** Directions for this task **
Render every entry verbatim.
*** Records provided
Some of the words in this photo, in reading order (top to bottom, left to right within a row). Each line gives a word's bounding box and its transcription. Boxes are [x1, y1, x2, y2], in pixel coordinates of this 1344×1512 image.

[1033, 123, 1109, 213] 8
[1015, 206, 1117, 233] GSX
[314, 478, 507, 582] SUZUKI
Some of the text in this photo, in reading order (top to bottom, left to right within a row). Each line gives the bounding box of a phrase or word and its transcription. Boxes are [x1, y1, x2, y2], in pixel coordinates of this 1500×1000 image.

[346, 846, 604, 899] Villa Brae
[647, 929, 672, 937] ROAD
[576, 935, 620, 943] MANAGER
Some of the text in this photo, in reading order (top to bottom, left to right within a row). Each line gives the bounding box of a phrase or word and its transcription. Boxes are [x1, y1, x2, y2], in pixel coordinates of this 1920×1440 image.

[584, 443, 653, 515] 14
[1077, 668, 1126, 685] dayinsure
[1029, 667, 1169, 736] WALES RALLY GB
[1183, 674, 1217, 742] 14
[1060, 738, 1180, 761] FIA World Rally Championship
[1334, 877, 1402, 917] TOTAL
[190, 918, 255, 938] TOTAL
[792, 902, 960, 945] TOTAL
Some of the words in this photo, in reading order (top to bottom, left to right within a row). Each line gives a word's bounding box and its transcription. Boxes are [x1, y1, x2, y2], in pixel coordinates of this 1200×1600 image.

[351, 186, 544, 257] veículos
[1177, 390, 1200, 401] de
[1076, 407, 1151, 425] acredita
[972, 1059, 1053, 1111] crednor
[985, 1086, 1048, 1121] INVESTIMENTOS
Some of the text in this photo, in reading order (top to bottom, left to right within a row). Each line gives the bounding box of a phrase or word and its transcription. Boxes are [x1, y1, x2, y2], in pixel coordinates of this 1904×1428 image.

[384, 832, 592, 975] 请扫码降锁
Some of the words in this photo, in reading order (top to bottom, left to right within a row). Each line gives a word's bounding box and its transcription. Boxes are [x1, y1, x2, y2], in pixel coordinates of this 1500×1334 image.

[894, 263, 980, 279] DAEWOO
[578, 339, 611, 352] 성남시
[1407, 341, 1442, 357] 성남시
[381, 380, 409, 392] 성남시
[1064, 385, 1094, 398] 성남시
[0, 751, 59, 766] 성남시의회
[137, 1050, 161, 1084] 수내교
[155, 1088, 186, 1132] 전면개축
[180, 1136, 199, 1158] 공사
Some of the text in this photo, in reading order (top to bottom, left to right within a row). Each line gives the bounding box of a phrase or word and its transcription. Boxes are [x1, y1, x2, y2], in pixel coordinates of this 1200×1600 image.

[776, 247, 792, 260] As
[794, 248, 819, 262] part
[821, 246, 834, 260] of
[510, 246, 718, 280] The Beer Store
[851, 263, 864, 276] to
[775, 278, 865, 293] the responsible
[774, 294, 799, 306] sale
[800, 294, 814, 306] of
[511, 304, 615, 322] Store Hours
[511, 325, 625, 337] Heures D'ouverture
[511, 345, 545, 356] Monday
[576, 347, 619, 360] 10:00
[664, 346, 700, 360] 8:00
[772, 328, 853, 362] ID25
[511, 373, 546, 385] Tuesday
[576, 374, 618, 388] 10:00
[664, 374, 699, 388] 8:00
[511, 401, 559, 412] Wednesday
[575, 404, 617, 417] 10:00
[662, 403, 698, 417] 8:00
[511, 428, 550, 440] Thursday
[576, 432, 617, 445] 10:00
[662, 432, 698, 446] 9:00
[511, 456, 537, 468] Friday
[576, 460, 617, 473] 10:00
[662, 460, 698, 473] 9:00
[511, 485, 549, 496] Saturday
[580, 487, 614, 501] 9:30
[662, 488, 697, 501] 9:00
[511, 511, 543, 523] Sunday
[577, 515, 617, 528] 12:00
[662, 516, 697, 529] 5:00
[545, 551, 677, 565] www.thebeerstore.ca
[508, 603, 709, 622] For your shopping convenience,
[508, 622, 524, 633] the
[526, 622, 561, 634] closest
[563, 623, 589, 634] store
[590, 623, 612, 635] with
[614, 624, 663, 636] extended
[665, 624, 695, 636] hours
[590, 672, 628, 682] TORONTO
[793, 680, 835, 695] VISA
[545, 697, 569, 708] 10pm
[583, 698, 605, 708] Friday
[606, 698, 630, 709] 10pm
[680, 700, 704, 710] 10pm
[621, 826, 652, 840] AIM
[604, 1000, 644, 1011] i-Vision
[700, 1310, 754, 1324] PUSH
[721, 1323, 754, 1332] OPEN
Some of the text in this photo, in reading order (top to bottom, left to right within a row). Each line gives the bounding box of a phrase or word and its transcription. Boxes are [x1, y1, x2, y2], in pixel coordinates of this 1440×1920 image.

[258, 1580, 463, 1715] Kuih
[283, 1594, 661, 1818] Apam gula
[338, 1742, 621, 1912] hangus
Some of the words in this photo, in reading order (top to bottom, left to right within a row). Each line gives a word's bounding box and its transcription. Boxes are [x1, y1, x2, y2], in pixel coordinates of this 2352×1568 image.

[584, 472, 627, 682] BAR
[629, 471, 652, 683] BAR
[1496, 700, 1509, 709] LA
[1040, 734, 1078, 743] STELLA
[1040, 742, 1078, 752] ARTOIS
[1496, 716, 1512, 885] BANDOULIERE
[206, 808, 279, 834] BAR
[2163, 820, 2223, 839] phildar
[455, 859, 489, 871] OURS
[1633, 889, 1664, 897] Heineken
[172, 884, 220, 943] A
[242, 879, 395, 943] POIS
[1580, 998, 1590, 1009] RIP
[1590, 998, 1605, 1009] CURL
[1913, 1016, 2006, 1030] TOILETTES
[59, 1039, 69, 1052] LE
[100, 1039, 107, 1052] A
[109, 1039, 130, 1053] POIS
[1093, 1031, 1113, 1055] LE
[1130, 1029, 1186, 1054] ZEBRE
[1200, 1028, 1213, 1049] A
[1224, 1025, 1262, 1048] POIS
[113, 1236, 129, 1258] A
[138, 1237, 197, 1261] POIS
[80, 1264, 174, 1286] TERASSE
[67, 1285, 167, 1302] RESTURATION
******
** Result **
Some of the words in this photo, in reading order (top to bottom, left to right within a row). Each line gives a word's bounding box and its transcription. Boxes are [x1, y1, x2, y2], in pixel coordinates of this 1344×1512 image.

[1033, 123, 1109, 213] 8
[1015, 206, 1117, 233] GSX
[314, 478, 507, 582] SUZUKI
Some of the text in this photo, in reading order (top to bottom, left to right within a row). Each line gives the bounding box of a phrase or word and its transcription. Boxes are [x1, y1, x2, y2], in pixel coordinates of this 1500×1000 image.

[346, 846, 604, 899] Villa Brae
[647, 929, 672, 937] ROAD
[576, 935, 620, 943] MANAGER
Some of the text in this photo, in reading order (top to bottom, left to right within a row). Each line gives the bounding box of a phrase or word and its transcription. Boxes are [x1, y1, x2, y2], in pixel coordinates of this 1920×1440 image.

[584, 443, 653, 515] 14
[1077, 668, 1126, 685] dayinsure
[1029, 667, 1169, 736] WALES RALLY GB
[1183, 674, 1217, 742] 14
[1060, 738, 1180, 761] FIA World Rally Championship
[1334, 877, 1402, 917] TOTAL
[190, 918, 255, 938] TOTAL
[792, 902, 960, 945] TOTAL
Some of the words in this photo, in reading order (top to bottom, left to right within a row). Each line gives a word's bounding box and its transcription. Boxes are [x1, y1, x2, y2], in pixel coordinates of this 1200×1600 image.

[351, 186, 544, 257] veículos
[1177, 390, 1200, 401] de
[1076, 407, 1151, 425] acredita
[972, 1059, 1053, 1111] crednor
[985, 1086, 1048, 1121] INVESTIMENTOS
Some of the text in this photo, in reading order (top to bottom, left to right within a row). Each line gives the bounding box of a phrase or word and its transcription. Boxes are [x1, y1, x2, y2], in pixel coordinates of this 1904×1428 image.

[384, 832, 592, 975] 请扫码降锁
Some of the words in this photo, in reading order (top to bottom, left to right within a row). Each line gives a word's bounding box and its transcription. Boxes are [x1, y1, x2, y2], in pixel coordinates of this 1500×1334 image.

[894, 263, 980, 279] DAEWOO
[578, 339, 611, 352] 성남시
[1407, 341, 1442, 357] 성남시
[381, 380, 409, 392] 성남시
[1064, 385, 1094, 398] 성남시
[0, 751, 59, 766] 성남시의회
[137, 1050, 161, 1084] 수내교
[155, 1088, 186, 1132] 전면개축
[180, 1136, 199, 1158] 공사
Some of the text in this photo, in reading order (top to bottom, left to right within a row). Each line gives the bounding box of a phrase or word and its transcription. Boxes are [x1, y1, x2, y2], in pixel coordinates of this 1200×1600 image.

[776, 247, 792, 260] As
[794, 248, 819, 262] part
[821, 246, 834, 260] of
[510, 246, 718, 280] The Beer Store
[851, 263, 864, 276] to
[775, 278, 865, 293] the responsible
[774, 294, 799, 306] sale
[800, 294, 814, 306] of
[511, 304, 615, 322] Store Hours
[511, 325, 625, 337] Heures D'ouverture
[511, 345, 545, 356] Monday
[576, 347, 619, 360] 10:00
[664, 346, 700, 360] 8:00
[772, 328, 853, 362] ID25
[511, 373, 546, 385] Tuesday
[576, 374, 618, 388] 10:00
[664, 374, 699, 388] 8:00
[511, 401, 559, 412] Wednesday
[575, 404, 617, 417] 10:00
[662, 403, 698, 417] 8:00
[511, 428, 550, 440] Thursday
[576, 432, 617, 445] 10:00
[662, 432, 698, 446] 9:00
[511, 456, 537, 468] Friday
[576, 460, 617, 473] 10:00
[662, 460, 698, 473] 9:00
[511, 485, 549, 496] Saturday
[580, 487, 614, 501] 9:30
[662, 488, 697, 501] 9:00
[511, 511, 543, 523] Sunday
[577, 515, 617, 528] 12:00
[662, 516, 697, 529] 5:00
[545, 551, 677, 565] www.thebeerstore.ca
[508, 603, 709, 622] For your shopping convenience,
[508, 622, 524, 633] the
[526, 622, 561, 634] closest
[563, 623, 589, 634] store
[590, 623, 612, 635] with
[614, 624, 663, 636] extended
[665, 624, 695, 636] hours
[590, 672, 628, 682] TORONTO
[793, 680, 835, 695] VISA
[545, 697, 569, 708] 10pm
[583, 698, 605, 708] Friday
[606, 698, 630, 709] 10pm
[680, 700, 704, 710] 10pm
[621, 826, 652, 840] AIM
[604, 1000, 644, 1011] i-Vision
[700, 1310, 754, 1324] PUSH
[721, 1323, 754, 1332] OPEN
Some of the text in this photo, in reading order (top to bottom, left to right within a row). Each line gives the bounding box of a phrase or word and its transcription. Boxes are [x1, y1, x2, y2], in pixel coordinates of this 1440×1920 image.

[258, 1580, 463, 1715] Kuih
[283, 1594, 661, 1818] Apam gula
[338, 1742, 621, 1912] hangus
Some of the words in this photo, in reading order (top to bottom, left to right within a row). Each line gives a word's bounding box and its transcription. Boxes are [x1, y1, x2, y2], in pixel coordinates of this 2352×1568 image.

[584, 472, 627, 682] BAR
[629, 471, 652, 683] BAR
[1496, 700, 1509, 709] LA
[1040, 734, 1078, 743] STELLA
[1040, 742, 1078, 752] ARTOIS
[1496, 716, 1512, 885] BANDOULIERE
[206, 808, 279, 834] BAR
[2163, 820, 2223, 839] phildar
[455, 859, 489, 871] OURS
[1633, 889, 1664, 897] Heineken
[172, 884, 220, 943] A
[242, 879, 395, 943] POIS
[1580, 998, 1590, 1009] RIP
[1590, 998, 1605, 1009] CURL
[1913, 1016, 2006, 1030] TOILETTES
[59, 1039, 69, 1052] LE
[100, 1039, 107, 1052] A
[109, 1039, 130, 1053] POIS
[1093, 1031, 1113, 1055] LE
[1130, 1029, 1186, 1054] ZEBRE
[1200, 1028, 1213, 1049] A
[1224, 1025, 1262, 1048] POIS
[113, 1236, 129, 1258] A
[138, 1237, 197, 1261] POIS
[80, 1264, 174, 1286] TERASSE
[67, 1285, 167, 1302] RESTURATION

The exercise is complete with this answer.